The inclusion of a DEI question in all core rounds was optional, with Gitcoin stating they value diversity but do not require everyone to participate in the round, and maintain an open-source platform accessible to all teams. This reflects their strategies on management and processing aligned with ESG principles.

Other examples of positive practices showing good governance is the Gnosis Chain, often known as ‘the community-run chain’. As one of Ethereum’s first sidechains, Gnosis allows contributors around the globe to easily run a node and has secured over 120, 000 validators. Its diverse validator set and the community governance ensure the chain remains credibly neutral at a much lower price point than mainnet.
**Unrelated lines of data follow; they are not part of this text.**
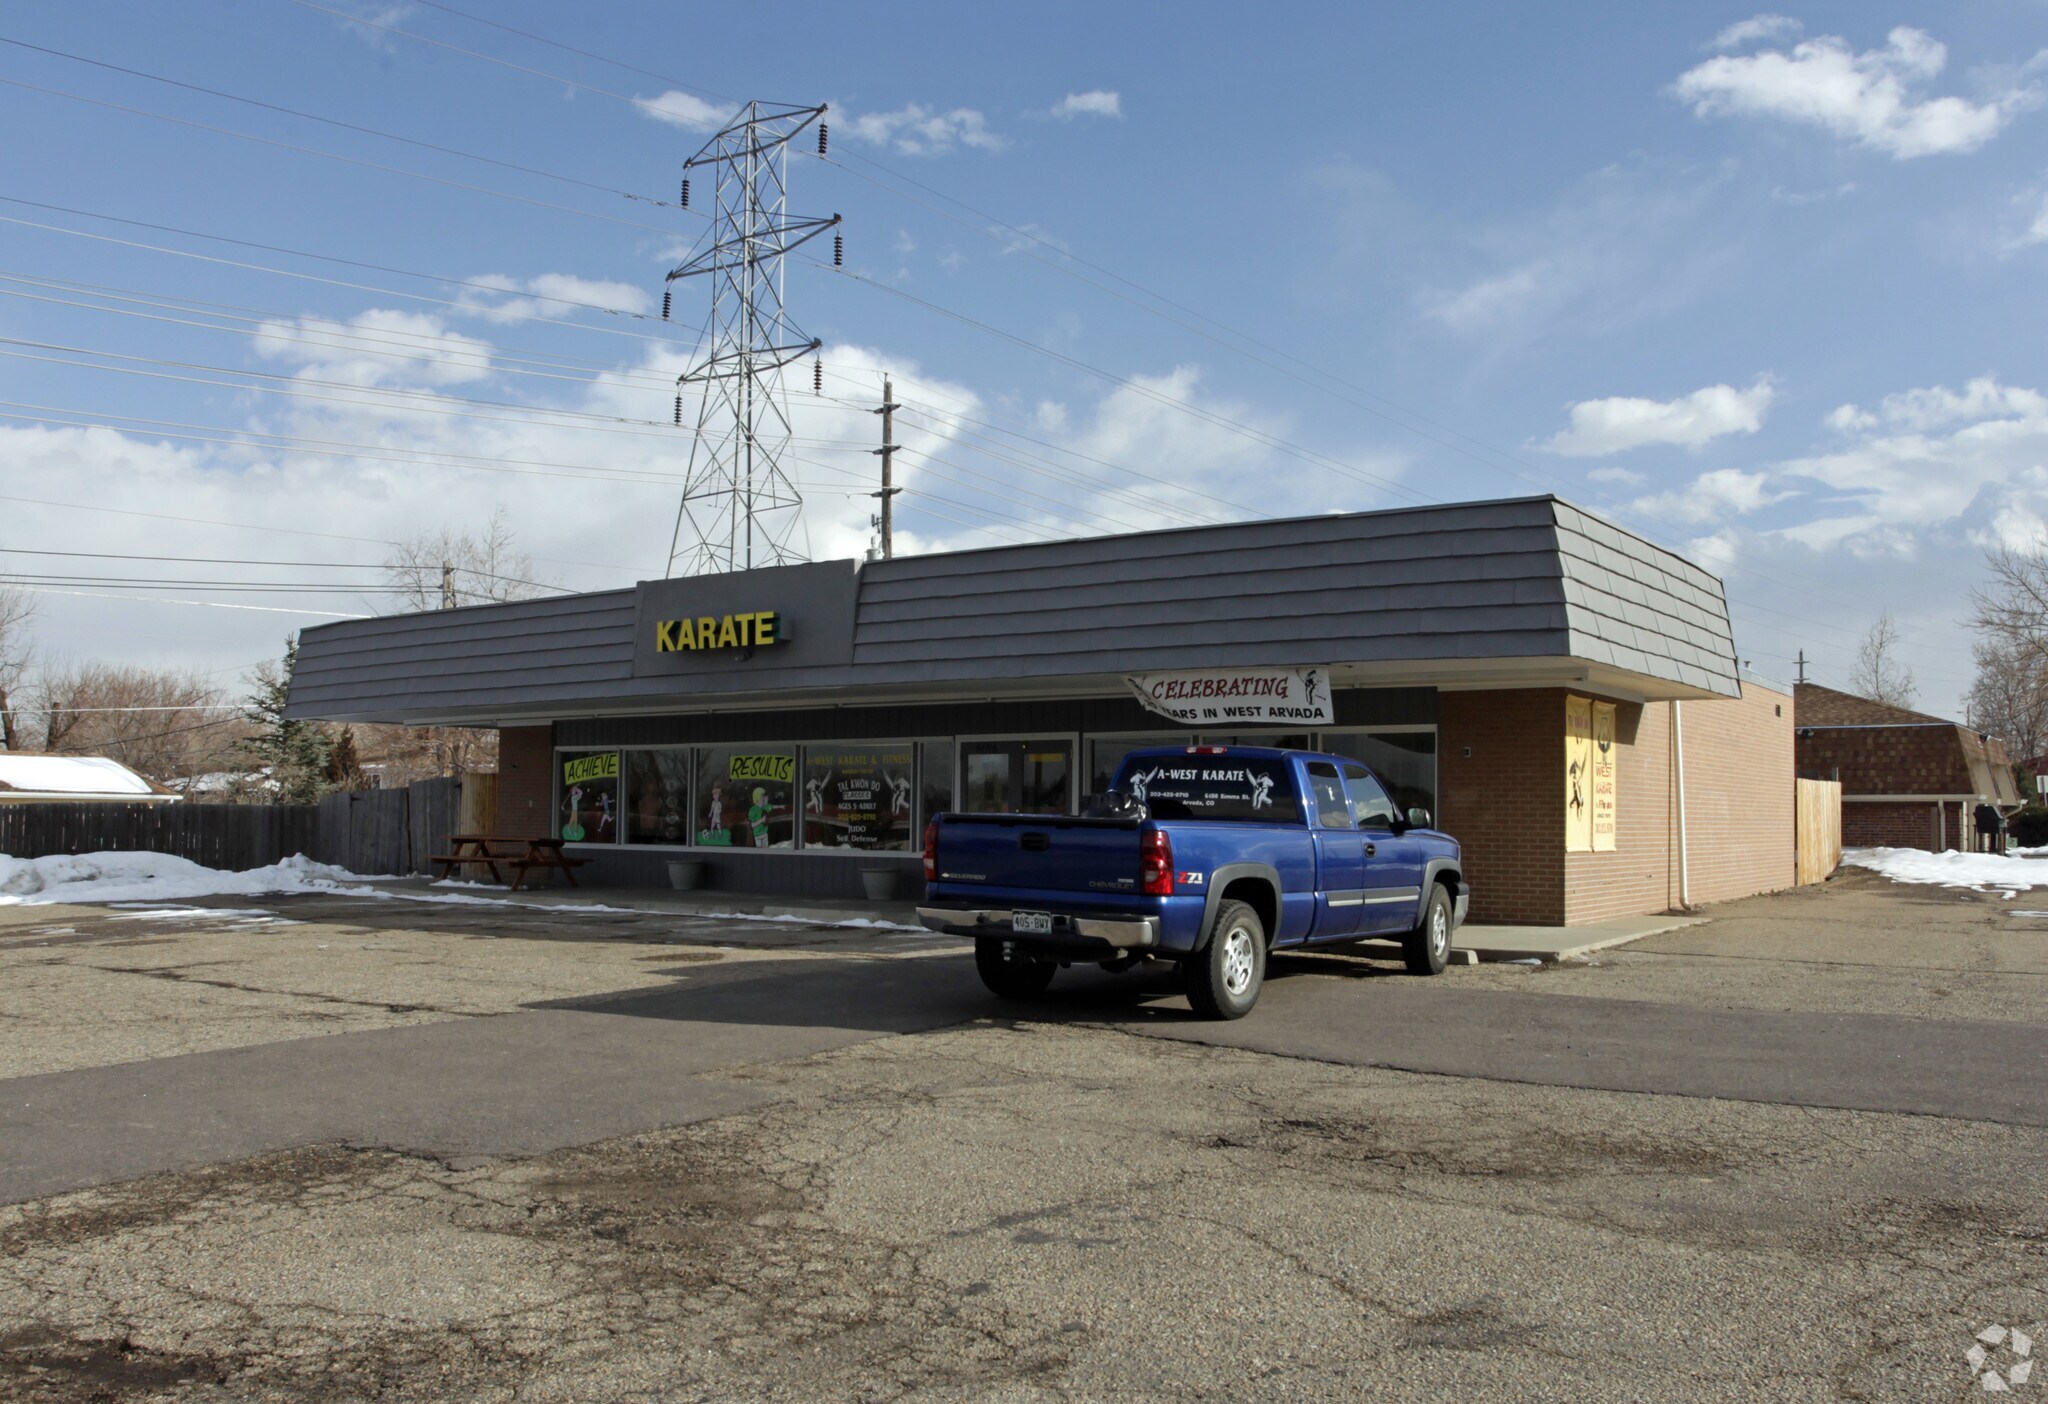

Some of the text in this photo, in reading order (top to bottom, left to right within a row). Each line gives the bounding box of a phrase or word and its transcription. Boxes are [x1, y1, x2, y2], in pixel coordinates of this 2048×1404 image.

[656, 611, 774, 652] KARATE
[1152, 677, 1289, 699] CELEBRATING
[1203, 708, 1218, 718] IN
[1223, 706, 1262, 717] WEST
[1269, 707, 1324, 718] ARVADA
[838, 755, 867, 765] KARATE
[567, 754, 617, 781] ACHIEVE
[731, 756, 793, 780] RESULTS
[1157, 769, 1244, 781] A-WEST KARATE
[837, 779, 881, 792] TAE KWON DO
[1177, 872, 1203, 884] Z71
[1089, 881, 1135, 890] CHEVROLET
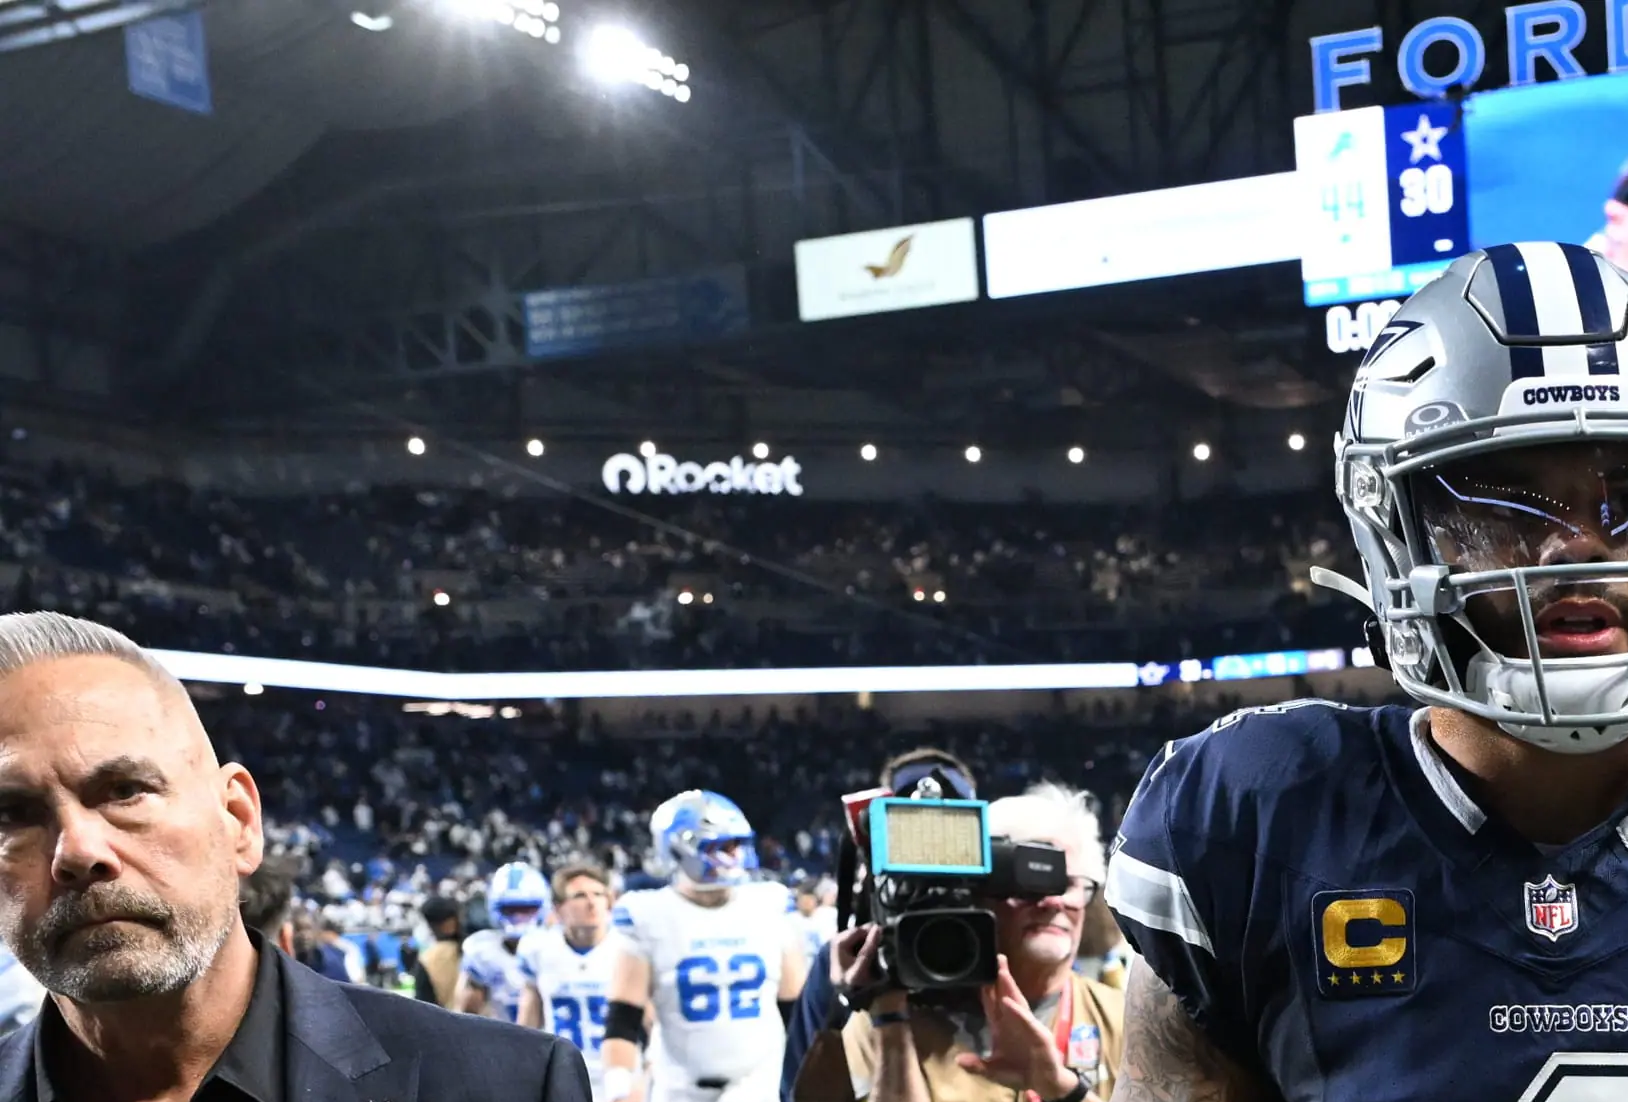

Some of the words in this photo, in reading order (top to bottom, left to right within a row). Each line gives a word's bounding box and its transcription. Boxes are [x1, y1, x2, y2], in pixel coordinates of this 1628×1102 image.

[1398, 164, 1454, 218] 30
[1523, 384, 1621, 405] COWBOYS
[645, 453, 803, 497] Rocket
[1322, 897, 1407, 969] C
[1534, 902, 1573, 928] NFL
[676, 953, 766, 1023] 62
Nonetheless, the aforementioned use cases spanning different factors of ESG show that although there will always be bad actors in any industry, the pursuit for ‘the good’ is present. The focus should be on how to create more beneficial applications for crypto and Web3 while mitigating the bad ones, and simultaneously encouraging better business practices through robust ESG frameworks. More light should be shed on the true potential of Web3 technology to contribute ‘good’ to our society, not only in terms of innovation but also by fostering responsible and sustainable practices that prioritise environmental, social, and governance considerations.

 

 

Acknowledgements

The authors would like to thank every single participant who contributed their time, knowledge and expertise towards the helpful conversations that shaped the core of this paper.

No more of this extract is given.